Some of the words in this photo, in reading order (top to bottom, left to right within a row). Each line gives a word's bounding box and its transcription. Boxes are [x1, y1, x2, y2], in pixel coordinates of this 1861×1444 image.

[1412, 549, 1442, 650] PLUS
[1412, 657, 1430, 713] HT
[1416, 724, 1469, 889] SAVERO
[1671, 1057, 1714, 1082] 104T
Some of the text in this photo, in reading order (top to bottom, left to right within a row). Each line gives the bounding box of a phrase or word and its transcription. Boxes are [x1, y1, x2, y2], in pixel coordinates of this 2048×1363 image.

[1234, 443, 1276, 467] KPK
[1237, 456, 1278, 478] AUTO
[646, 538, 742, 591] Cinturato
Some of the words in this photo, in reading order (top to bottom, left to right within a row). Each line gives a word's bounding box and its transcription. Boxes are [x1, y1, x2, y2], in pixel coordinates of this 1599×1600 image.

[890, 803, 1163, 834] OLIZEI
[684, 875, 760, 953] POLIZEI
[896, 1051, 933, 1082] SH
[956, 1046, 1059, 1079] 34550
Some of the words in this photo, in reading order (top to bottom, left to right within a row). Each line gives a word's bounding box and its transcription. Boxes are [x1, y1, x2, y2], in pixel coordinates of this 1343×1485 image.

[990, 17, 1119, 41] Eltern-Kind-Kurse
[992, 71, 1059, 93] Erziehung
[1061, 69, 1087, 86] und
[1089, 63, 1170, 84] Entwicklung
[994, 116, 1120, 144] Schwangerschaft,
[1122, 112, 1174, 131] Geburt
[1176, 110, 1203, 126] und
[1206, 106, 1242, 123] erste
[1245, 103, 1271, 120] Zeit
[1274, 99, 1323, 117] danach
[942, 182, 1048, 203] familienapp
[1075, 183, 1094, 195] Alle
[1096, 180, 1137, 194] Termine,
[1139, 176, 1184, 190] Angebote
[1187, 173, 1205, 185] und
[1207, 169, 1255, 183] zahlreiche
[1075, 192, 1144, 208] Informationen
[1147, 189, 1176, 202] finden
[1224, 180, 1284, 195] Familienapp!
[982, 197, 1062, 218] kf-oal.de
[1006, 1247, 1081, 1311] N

_PROBLEM TO WORK ON_
Word for word and line for line, give the material again.

_ANSWER TO THIS EXERCISE_
Some of the words in this photo, in reading order (top to bottom, left to right within a row). Each line gives a word's bounding box and its transcription. Boxes are [x1, y1, x2, y2], in pixel coordinates of this 1861×1444 image.

[1412, 549, 1442, 650] PLUS
[1412, 657, 1430, 713] HT
[1416, 724, 1469, 889] SAVERO
[1671, 1057, 1714, 1082] 104T
Some of the text in this photo, in reading order (top to bottom, left to right within a row). Each line gives the bounding box of a phrase or word and its transcription. Boxes are [x1, y1, x2, y2], in pixel coordinates of this 2048×1363 image.

[1234, 443, 1276, 467] KPK
[1237, 456, 1278, 478] AUTO
[646, 538, 742, 591] Cinturato
Some of the words in this photo, in reading order (top to bottom, left to right within a row). Each line gives a word's bounding box and its transcription. Boxes are [x1, y1, x2, y2], in pixel coordinates of this 1599×1600 image.

[890, 803, 1163, 834] OLIZEI
[684, 875, 760, 953] POLIZEI
[896, 1051, 933, 1082] SH
[956, 1046, 1059, 1079] 34550
Some of the words in this photo, in reading order (top to bottom, left to right within a row). Each line gives a word's bounding box and its transcription. Boxes are [x1, y1, x2, y2], in pixel coordinates of this 1343×1485 image.

[990, 17, 1119, 41] Eltern-Kind-Kurse
[992, 71, 1059, 93] Erziehung
[1061, 69, 1087, 86] und
[1089, 63, 1170, 84] Entwicklung
[994, 116, 1120, 144] Schwangerschaft,
[1122, 112, 1174, 131] Geburt
[1176, 110, 1203, 126] und
[1206, 106, 1242, 123] erste
[1245, 103, 1271, 120] Zeit
[1274, 99, 1323, 117] danach
[942, 182, 1048, 203] familienapp
[1075, 183, 1094, 195] Alle
[1096, 180, 1137, 194] Termine,
[1139, 176, 1184, 190] Angebote
[1187, 173, 1205, 185] und
[1207, 169, 1255, 183] zahlreiche
[1075, 192, 1144, 208] Informationen
[1147, 189, 1176, 202] finden
[1224, 180, 1284, 195] Familienapp!
[982, 197, 1062, 218] kf-oal.de
[1006, 1247, 1081, 1311] N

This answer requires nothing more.